### WHAT IS BEING ASKED
Each entry below needs to be retyped exactly as given.

START THE INPUT

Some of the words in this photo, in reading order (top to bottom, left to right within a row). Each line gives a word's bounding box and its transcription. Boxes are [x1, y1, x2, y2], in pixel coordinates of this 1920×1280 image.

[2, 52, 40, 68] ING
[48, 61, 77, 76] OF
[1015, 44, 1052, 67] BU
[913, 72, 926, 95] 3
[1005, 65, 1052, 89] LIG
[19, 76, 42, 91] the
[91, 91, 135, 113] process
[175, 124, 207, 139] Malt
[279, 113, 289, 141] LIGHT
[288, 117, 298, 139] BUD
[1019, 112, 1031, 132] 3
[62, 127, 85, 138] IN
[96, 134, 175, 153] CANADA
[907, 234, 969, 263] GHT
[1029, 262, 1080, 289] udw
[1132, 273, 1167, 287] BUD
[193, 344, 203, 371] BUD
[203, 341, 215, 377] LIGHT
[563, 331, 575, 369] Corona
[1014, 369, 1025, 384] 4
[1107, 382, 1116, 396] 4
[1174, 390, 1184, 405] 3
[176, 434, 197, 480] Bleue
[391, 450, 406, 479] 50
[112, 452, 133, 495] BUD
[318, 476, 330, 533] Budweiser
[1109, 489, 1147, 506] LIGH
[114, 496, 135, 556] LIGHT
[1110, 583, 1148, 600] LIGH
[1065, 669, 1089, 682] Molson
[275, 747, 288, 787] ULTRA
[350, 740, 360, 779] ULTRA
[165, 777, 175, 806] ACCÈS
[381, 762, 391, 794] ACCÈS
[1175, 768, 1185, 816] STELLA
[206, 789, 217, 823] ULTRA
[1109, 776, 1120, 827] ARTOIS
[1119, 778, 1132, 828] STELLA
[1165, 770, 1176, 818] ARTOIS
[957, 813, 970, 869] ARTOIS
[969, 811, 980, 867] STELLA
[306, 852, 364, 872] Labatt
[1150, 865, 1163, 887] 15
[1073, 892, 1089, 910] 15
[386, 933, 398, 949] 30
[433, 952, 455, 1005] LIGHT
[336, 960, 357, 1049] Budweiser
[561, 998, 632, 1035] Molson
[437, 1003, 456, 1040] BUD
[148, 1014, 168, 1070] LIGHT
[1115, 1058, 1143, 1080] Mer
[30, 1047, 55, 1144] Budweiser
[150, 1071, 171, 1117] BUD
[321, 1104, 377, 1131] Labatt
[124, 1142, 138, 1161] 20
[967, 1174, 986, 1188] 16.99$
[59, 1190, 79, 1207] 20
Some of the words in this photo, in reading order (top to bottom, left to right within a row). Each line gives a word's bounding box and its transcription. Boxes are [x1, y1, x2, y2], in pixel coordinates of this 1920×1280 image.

END THE INPUT

### SOLUTION TO THIS TASK
Some of the words in this photo, in reading order (top to bottom, left to right within a row). Each line gives a word's bounding box and its transcription. Boxes are [x1, y1, x2, y2], in pixel coordinates of this 1920×1280 image.

[2, 52, 40, 68] ING
[48, 61, 77, 76] OF
[1015, 44, 1052, 67] BU
[913, 72, 926, 95] 3
[1005, 65, 1052, 89] LIG
[19, 76, 42, 91] the
[91, 91, 135, 113] process
[175, 124, 207, 139] Malt
[279, 113, 289, 141] LIGHT
[288, 117, 298, 139] BUD
[1019, 112, 1031, 132] 3
[62, 127, 85, 138] IN
[96, 134, 175, 153] CANADA
[907, 234, 969, 263] GHT
[1029, 262, 1080, 289] udw
[1132, 273, 1167, 287] BUD
[193, 344, 203, 371] BUD
[203, 341, 215, 377] LIGHT
[563, 331, 575, 369] Corona
[1014, 369, 1025, 384] 4
[1107, 382, 1116, 396] 4
[1174, 390, 1184, 405] 3
[176, 434, 197, 480] Bleue
[391, 450, 406, 479] 50
[112, 452, 133, 495] BUD
[318, 476, 330, 533] Budweiser
[1109, 489, 1147, 506] LIGH
[114, 496, 135, 556] LIGHT
[1110, 583, 1148, 600] LIGH
[1065, 669, 1089, 682] Molson
[275, 747, 288, 787] ULTRA
[350, 740, 360, 779] ULTRA
[165, 777, 175, 806] ACCÈS
[381, 762, 391, 794] ACCÈS
[1175, 768, 1185, 816] STELLA
[206, 789, 217, 823] ULTRA
[1109, 776, 1120, 827] ARTOIS
[1119, 778, 1132, 828] STELLA
[1165, 770, 1176, 818] ARTOIS
[957, 813, 970, 869] ARTOIS
[969, 811, 980, 867] STELLA
[306, 852, 364, 872] Labatt
[1150, 865, 1163, 887] 15
[1073, 892, 1089, 910] 15
[386, 933, 398, 949] 30
[433, 952, 455, 1005] LIGHT
[336, 960, 357, 1049] Budweiser
[561, 998, 632, 1035] Molson
[437, 1003, 456, 1040] BUD
[148, 1014, 168, 1070] LIGHT
[1115, 1058, 1143, 1080] Mer
[30, 1047, 55, 1144] Budweiser
[150, 1071, 171, 1117] BUD
[321, 1104, 377, 1131] Labatt
[124, 1142, 138, 1161] 20
[967, 1174, 986, 1188] 16.99$
[59, 1190, 79, 1207] 20
Some of the words in this photo, in reading order (top to bottom, left to right within a row). Each line gives a word's bounding box and its transcription. Boxes are [x1, y1, x2, y2], in pixel coordinates of this 1920×1280 image.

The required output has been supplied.